Word for word, copy out the entries below, but not the pictures in them.

=== Section Start ===

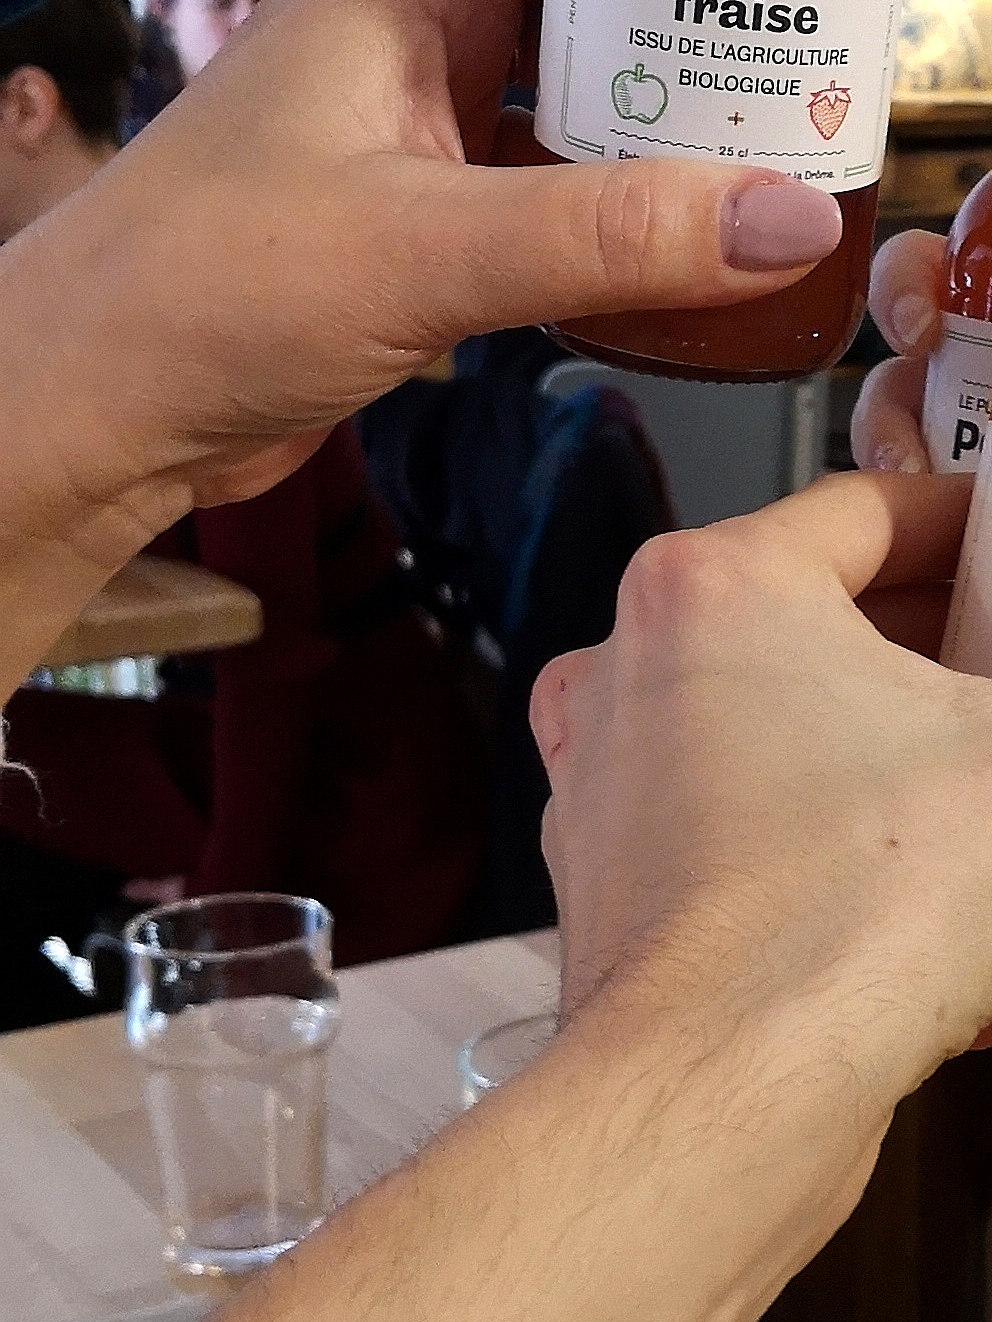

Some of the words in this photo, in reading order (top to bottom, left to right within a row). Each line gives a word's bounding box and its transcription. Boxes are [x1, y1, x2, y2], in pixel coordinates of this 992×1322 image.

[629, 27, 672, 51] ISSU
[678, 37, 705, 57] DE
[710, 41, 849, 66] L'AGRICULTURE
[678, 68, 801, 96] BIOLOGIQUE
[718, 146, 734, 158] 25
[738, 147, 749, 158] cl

=== Section End ===

◆ **Answer area**:
Some of the words in this photo, in reading order (top to bottom, left to right within a row). Each line gives a word's bounding box and its transcription. Boxes are [x1, y1, x2, y2], in pixel coordinates of this 992×1322 image.

[629, 27, 672, 51] ISSU
[678, 37, 705, 57] DE
[710, 41, 849, 66] L'AGRICULTURE
[678, 68, 801, 96] BIOLOGIQUE
[718, 146, 734, 158] 25
[738, 147, 749, 158] cl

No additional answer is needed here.